_Materials provided_.
Content starts

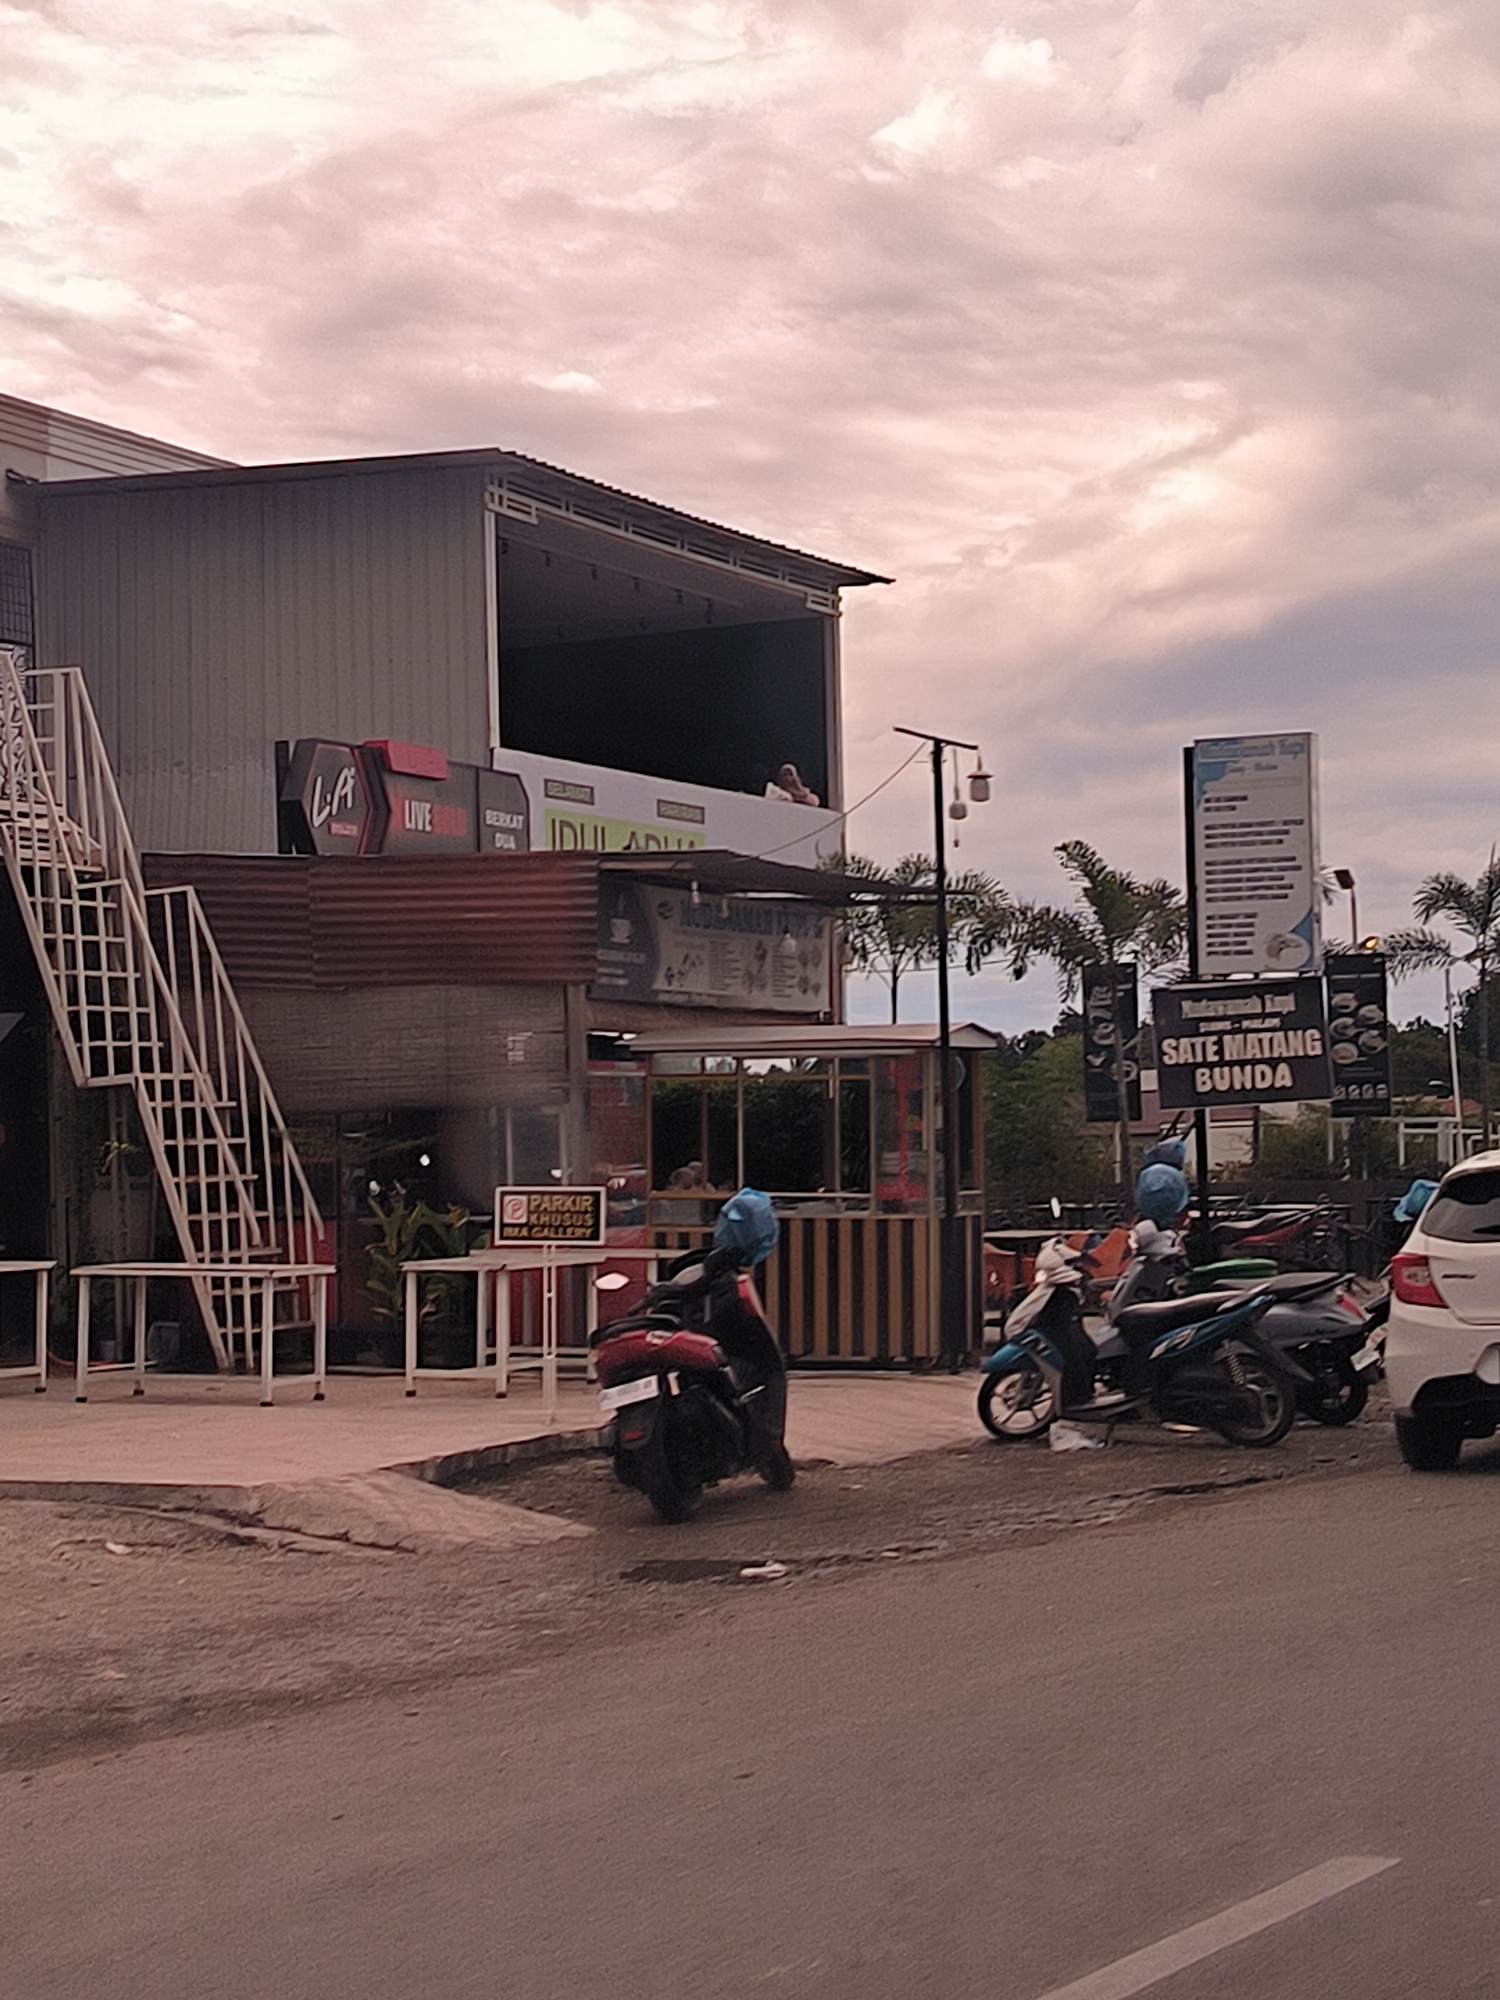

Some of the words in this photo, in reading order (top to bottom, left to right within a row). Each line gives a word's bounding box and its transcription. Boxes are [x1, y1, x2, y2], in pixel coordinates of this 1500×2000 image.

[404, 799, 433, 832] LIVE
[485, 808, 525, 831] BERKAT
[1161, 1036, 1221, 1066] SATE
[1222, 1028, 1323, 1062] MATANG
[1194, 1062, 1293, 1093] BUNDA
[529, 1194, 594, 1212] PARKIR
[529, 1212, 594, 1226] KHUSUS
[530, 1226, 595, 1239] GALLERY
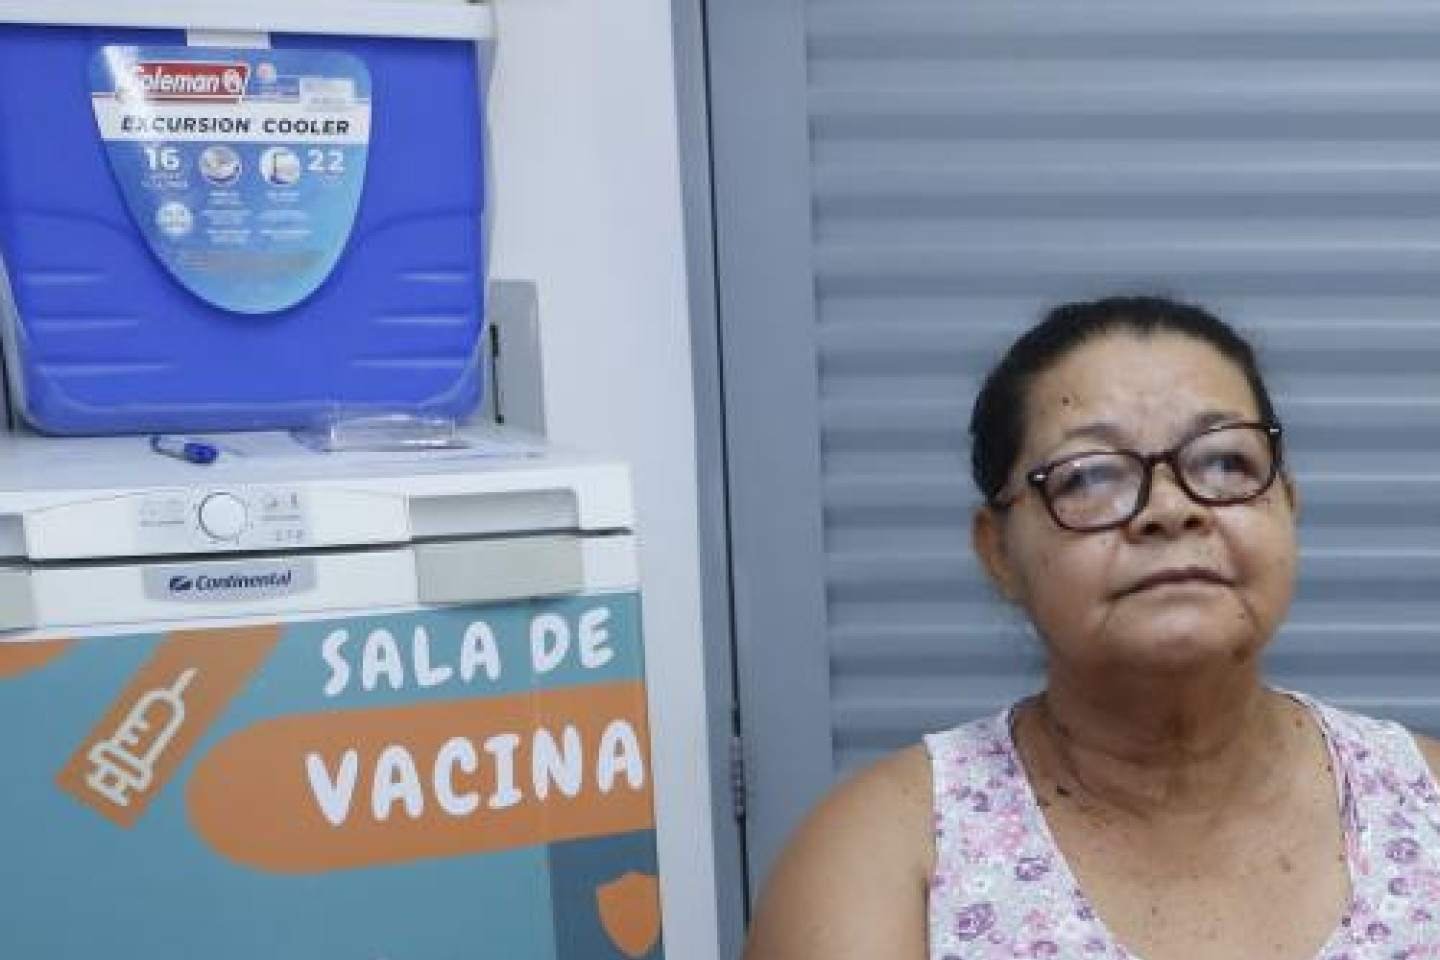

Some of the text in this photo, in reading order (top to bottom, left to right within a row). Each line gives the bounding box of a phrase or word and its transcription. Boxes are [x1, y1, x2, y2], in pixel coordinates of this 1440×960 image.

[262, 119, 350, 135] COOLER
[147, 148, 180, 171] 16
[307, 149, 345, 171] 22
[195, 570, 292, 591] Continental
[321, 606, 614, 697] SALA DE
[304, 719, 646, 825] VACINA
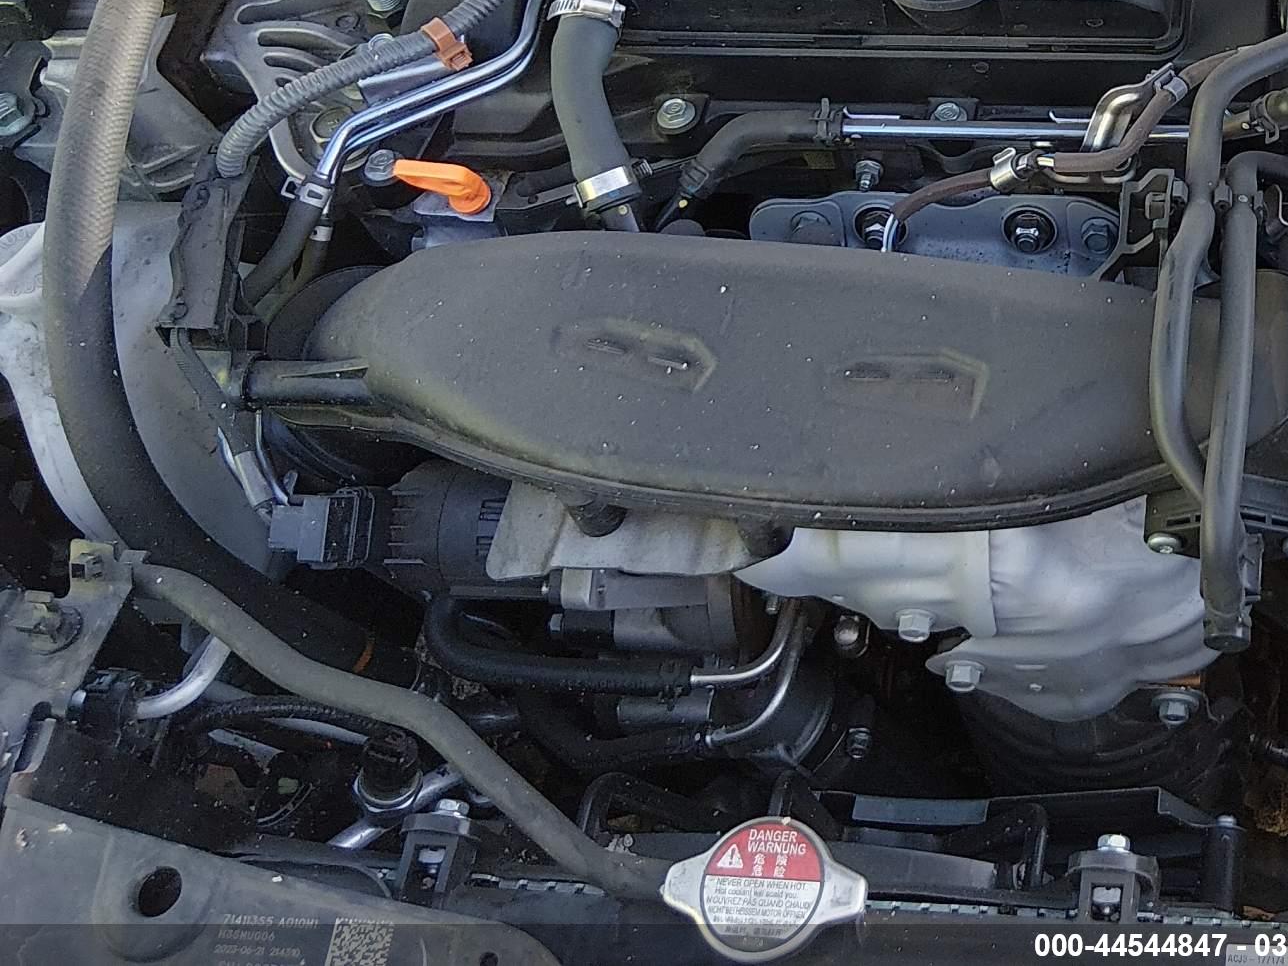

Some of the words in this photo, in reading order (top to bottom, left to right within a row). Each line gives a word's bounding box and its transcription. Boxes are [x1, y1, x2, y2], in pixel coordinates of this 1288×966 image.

Content ends

_Exercise prompt_. Give the listing above again exactly, minus any images.

_Written answer_.
Some of the words in this photo, in reading order (top to bottom, left to right within a row). Each line gives a word's bounding box and its transcription. Boxes are [x1, y1, x2, y2], in pixel coordinates of this 1500×2000 image.

[404, 799, 433, 832] LIVE
[485, 808, 525, 831] BERKAT
[1161, 1036, 1221, 1066] SATE
[1222, 1028, 1323, 1062] MATANG
[1194, 1062, 1293, 1093] BUNDA
[529, 1194, 594, 1212] PARKIR
[529, 1212, 594, 1226] KHUSUS
[530, 1226, 595, 1239] GALLERY

Some of the text in this photo, in reading order (top to bottom, left to right within a row). Each line gives the bounding box of a phrase or word and its transcription. Boxes are [x1, y1, x2, y2], in pixel coordinates of this 1440×960 image.

[262, 119, 350, 135] COOLER
[147, 148, 180, 171] 16
[307, 149, 345, 171] 22
[195, 570, 292, 591] Continental
[321, 606, 614, 697] SALA DE
[304, 719, 646, 825] VACINA

Some of the words in this photo, in reading order (top to bottom, left to right within a row). Each line gives a word's bounding box and its transcription. Boxes are [x1, y1, x2, y2], in pixel coordinates of this 1288×966 image.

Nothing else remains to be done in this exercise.